Possible split brain on migration race condition
Search before asking
- [x] I had searched in the issues and found no similar issues.
Version
https://github.com/apache/kvrocks/blob/9c9ffb82de7fd70e02ae0244faf05677d27f53b0/src/cluster/slot_migrate.cc#L424-L445
In finishSuccessfulMigration, the code first set SUCCESS on dest node then the local cluster marks the slot range on itself as migrated.
However, if the dest node has some network issue and we have an error for setImportStatusOnDstNode, then it is possible the dest node actually successfully processed setImportStatusOnDstNode and put the slot in imported_slots_.However, the local cluster does not mark the slot as migrated.
In this case, the old node would be able to serve read. And the new node would be able to server read and write: https://github.com/apache/kvrocks/blob/9c9ffb82de7fd70e02ae0244faf05677d27f53b0/src/cluster/cluster.cc#L926-L930
And if clients are sending traffic to the two nodes at the same time (e.g. because some clients have old slot mapping), then it is possible the clients hitting old node may see stale value. In the worst situation, if controller/operator sets the node slots to old value, all writes to the dest node will be lost?

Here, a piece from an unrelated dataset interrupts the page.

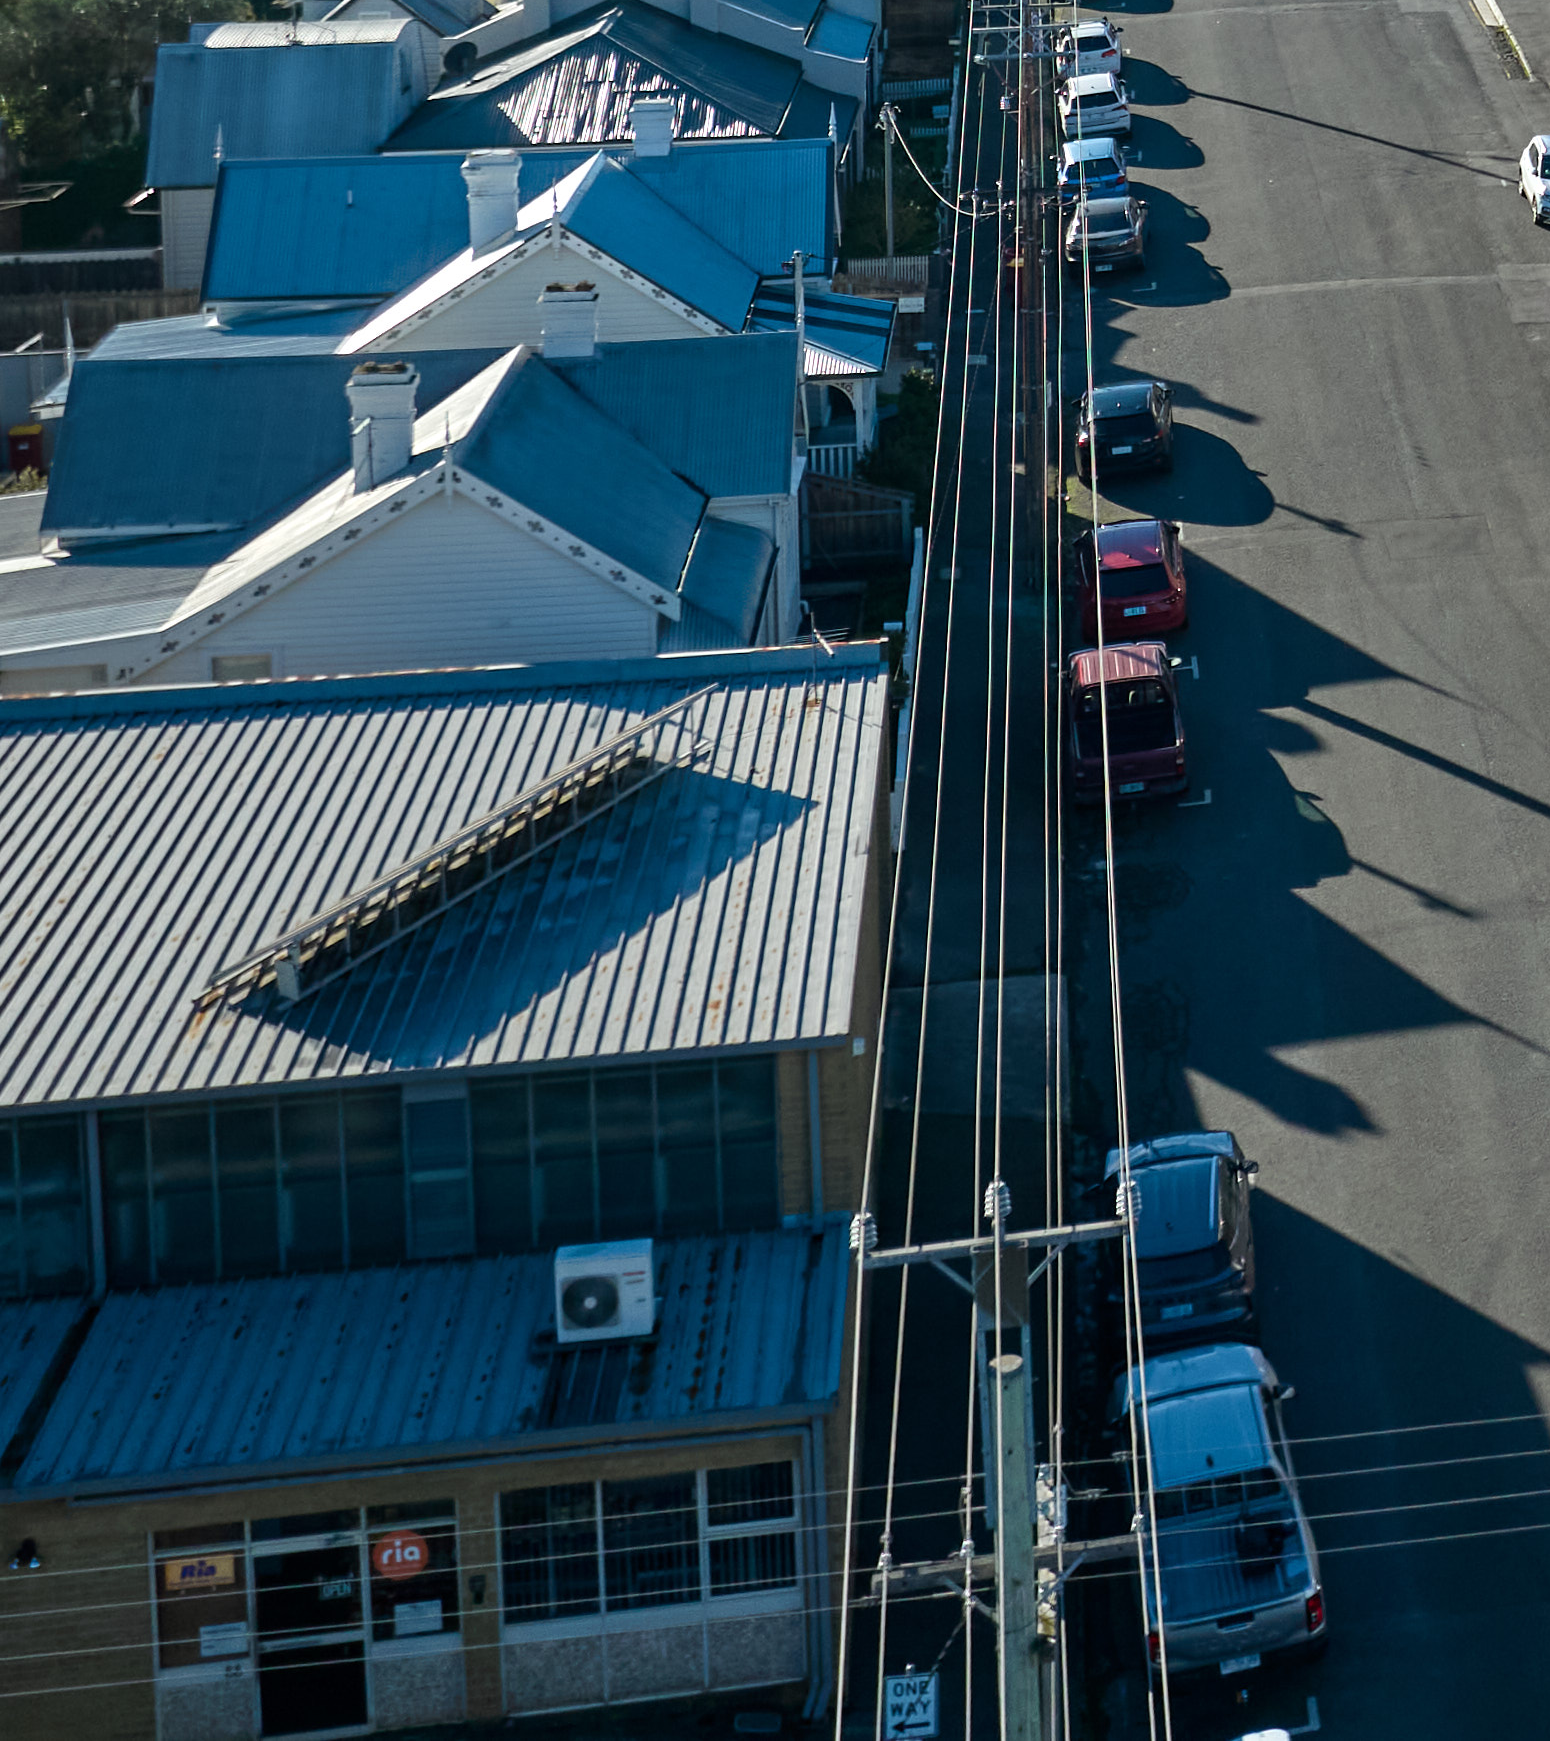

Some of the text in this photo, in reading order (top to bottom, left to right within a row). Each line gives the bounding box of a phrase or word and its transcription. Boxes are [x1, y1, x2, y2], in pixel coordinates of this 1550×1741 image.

[382, 1539, 421, 1564] ria
[181, 1560, 217, 1579] Ria
[893, 1680, 930, 1697] ONE
[890, 1700, 932, 1718] WAY

In https://github.com/apache/kvrocks/blob/9c9ffb82de7fd70e02ae0244faf05677d27f53b0/src/cluster/cluster.cc#L926-L930, should we only return OK if the connection is in ASKING mode?
Minimal reproduce step
N/A
What did you expect to see?
N/A
What did you see instead?
N/A
Anything Else?
No response
Are you willing to submit a PR?
- [x] I'm willing to submit a PR!
@zhixinwen Thanks for your report.
should we only return OK if the connection is in ASKING mode?
And yes, I think it makes sense to allow the destination node to serve the slot only if the source node redirects the request.
@git-hulk Thanks for your response.
What would happen when master becomes slave after master calls setImportStatusOnDstNode(*dst_fd_, kImportSuccess)? To me, looks like the new master would have none as migration_state_, and the controller would keep the old topology. However, the dest node would still have imported_slots_ set and it could potentially receive some writes MOVED from old source node. In this case, some writes would still be lost?
Let's take a step back, do we really need imported_slots_?
SetClusterNodes will clear imported_slots_ anyway. It is possible that a master-slave failover happened in the cluster for some other nodes and it triggered controller to call SetClusterNodes. migrationLoop has not update the migration status yet. In this case, imported_slots_ would be cleared even if it should not anyway.
However, the dest node would still have imported_slots_ set and it could potentially receive some writes MOVED from old source node. In this case, some writes would still be lost?
For this case, it will fail to write instead of losing data. Because the source node will redirect the write request to the destination node, but the cluster information hasn't been updated yet.
Let's take a step back, do we really need imported_slots_?
I think yes. There is a time window between updating the cluster slots and finishing the migration status. The destination node cannot serve the imported slot if it doesn't have the imported status.
Because the source node will redirect the write request to the destination node
Agree
but the cluster information hasn't been updated yet.
I wonder if there would be any case the cluster info will never be updated and the old topology is kept. Master that is being migrated becomes slave can be such a case.
If it is possible, then some writes may be redirected to a node that would not own the slot and we have write loss? I feel the issue is before controller decides a node owns a slot, the node does not really own it. Therefore any write of the slot to the new node can potentially cause issue.
I wonder if there would be any case the cluster info will never be updated and the old topology is kept. Master that is being migrated becomes slave can be such a case.
I think yes in this case, the new writes will be lost if the source node promoted a new replica.
Thanks for confirming. I will look deeper into it and see what we can do. I feel we would need to block both source and dst node until controller confirms the topology change. I will need to run some experiment to see how bad it would affect the migration process.